--- What is needed ---
What is needed is an exact transcription of the listing, with the images removed.

--- Records supplied ---
--*--

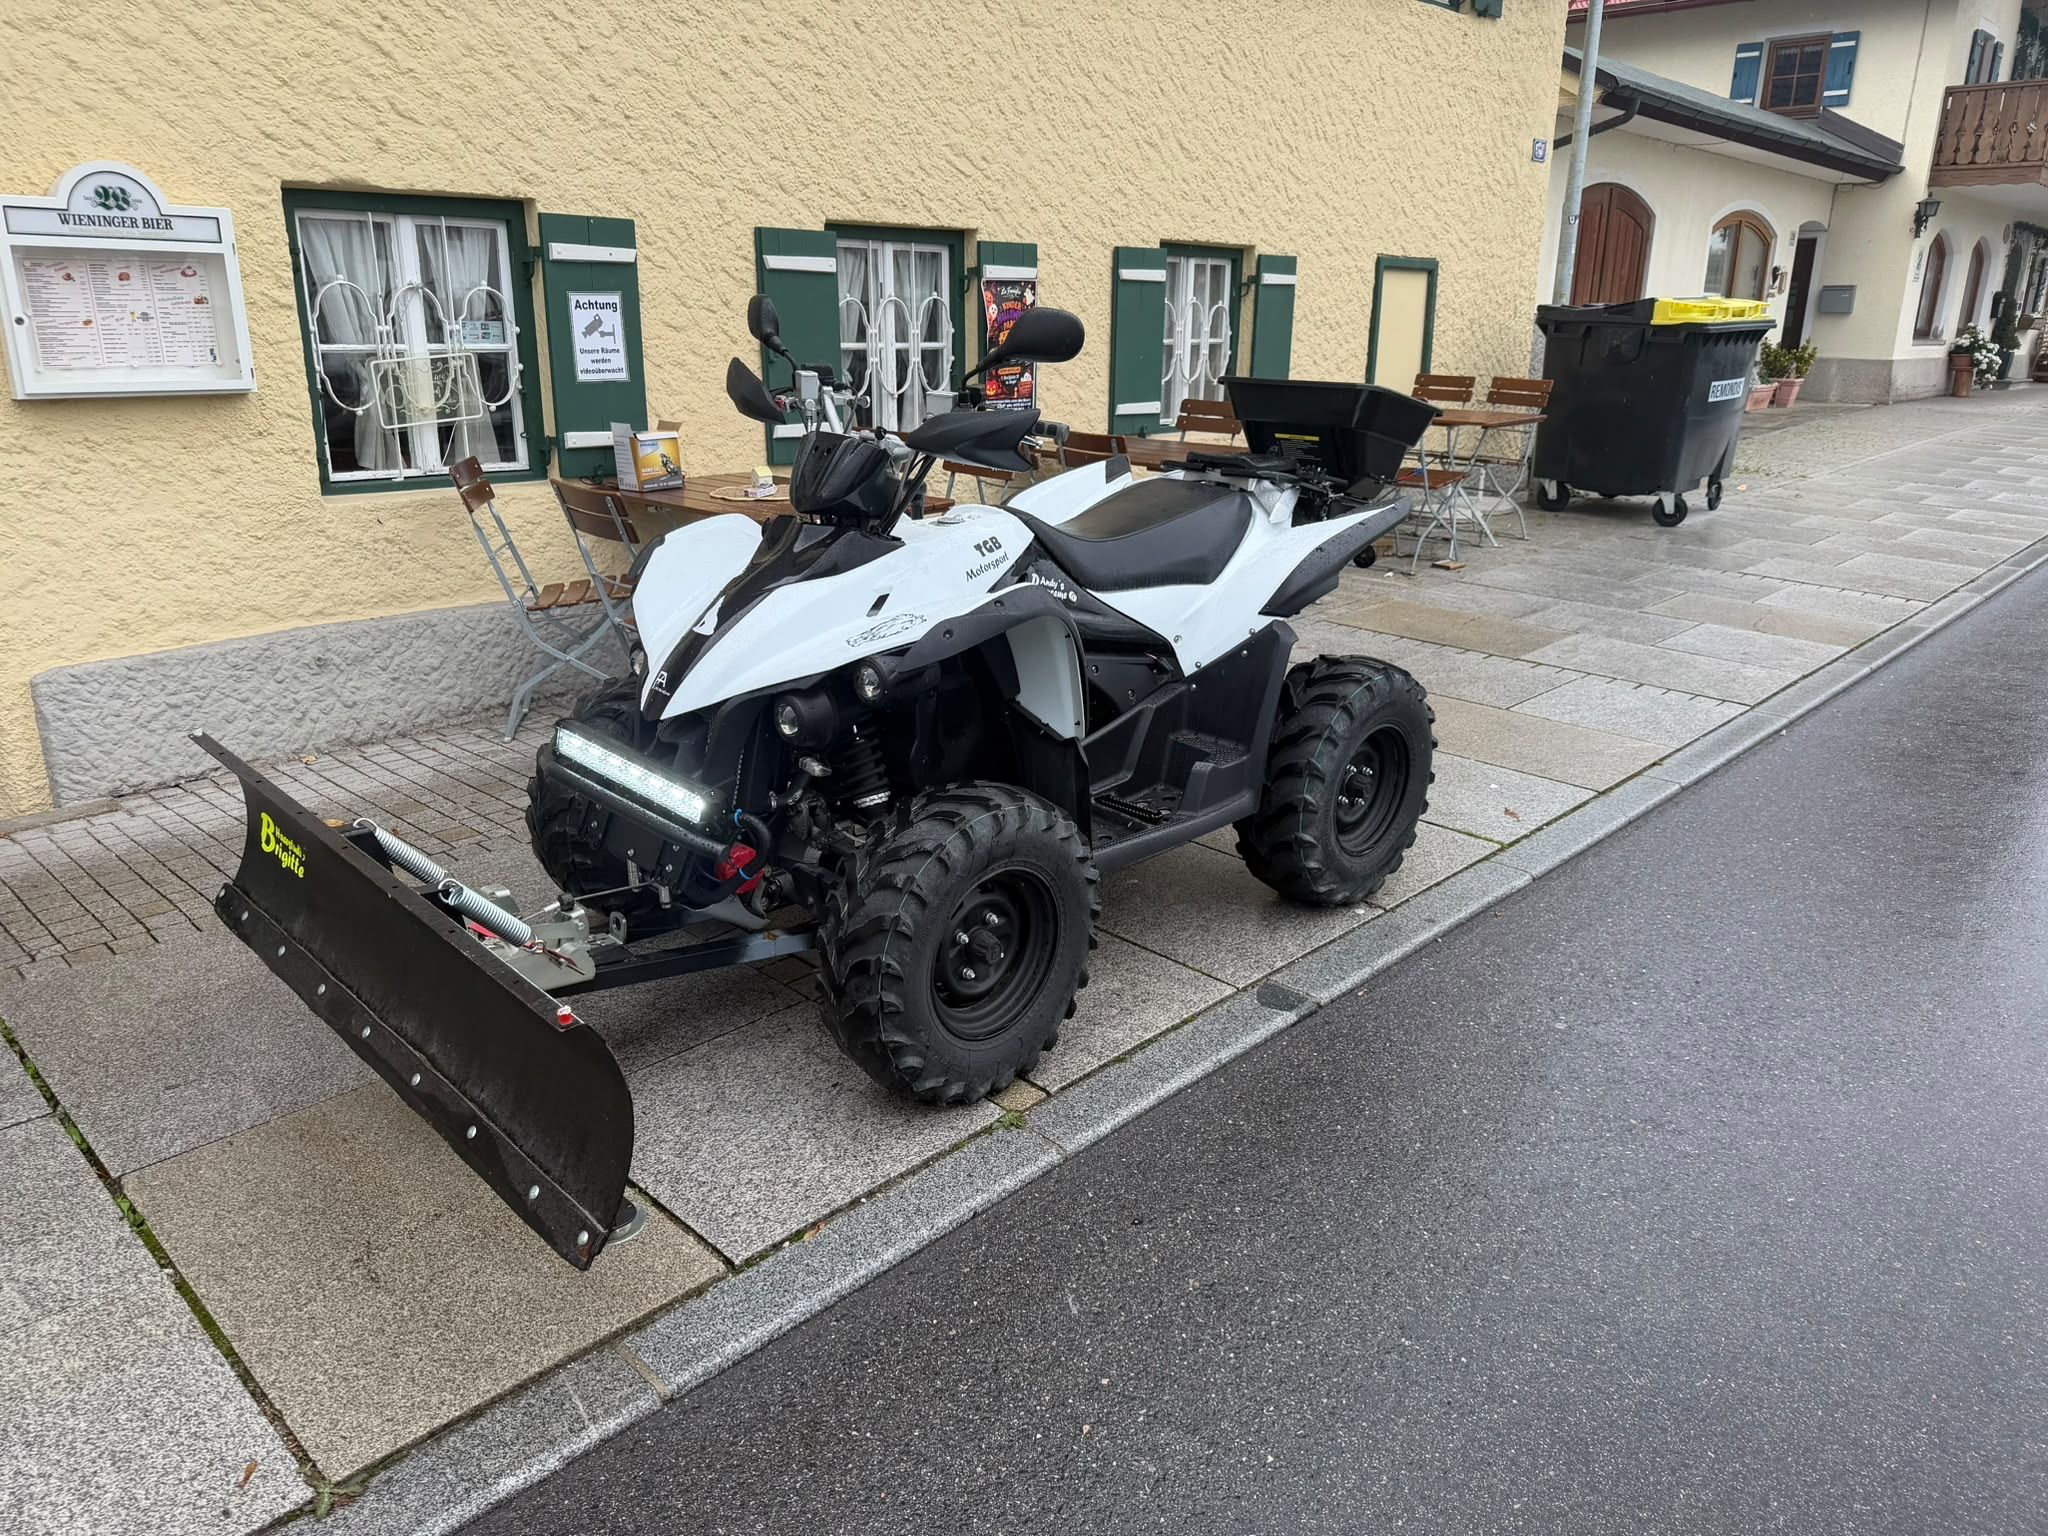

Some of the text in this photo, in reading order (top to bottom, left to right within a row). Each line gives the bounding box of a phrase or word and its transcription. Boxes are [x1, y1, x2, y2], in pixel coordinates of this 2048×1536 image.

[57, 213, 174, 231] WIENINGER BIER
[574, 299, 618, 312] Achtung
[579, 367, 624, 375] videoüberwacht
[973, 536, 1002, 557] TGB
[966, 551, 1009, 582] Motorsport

--*--

--- Solution ---
Some of the text in this photo, in reading order (top to bottom, left to right within a row). Each line gives the bounding box of a phrase or word and its transcription. Boxes are [x1, y1, x2, y2], in pixel coordinates of this 2048×1536 image.

[57, 213, 174, 231] WIENINGER BIER
[574, 299, 618, 312] Achtung
[579, 367, 624, 375] videoüberwacht
[973, 536, 1002, 557] TGB
[966, 551, 1009, 582] Motorsport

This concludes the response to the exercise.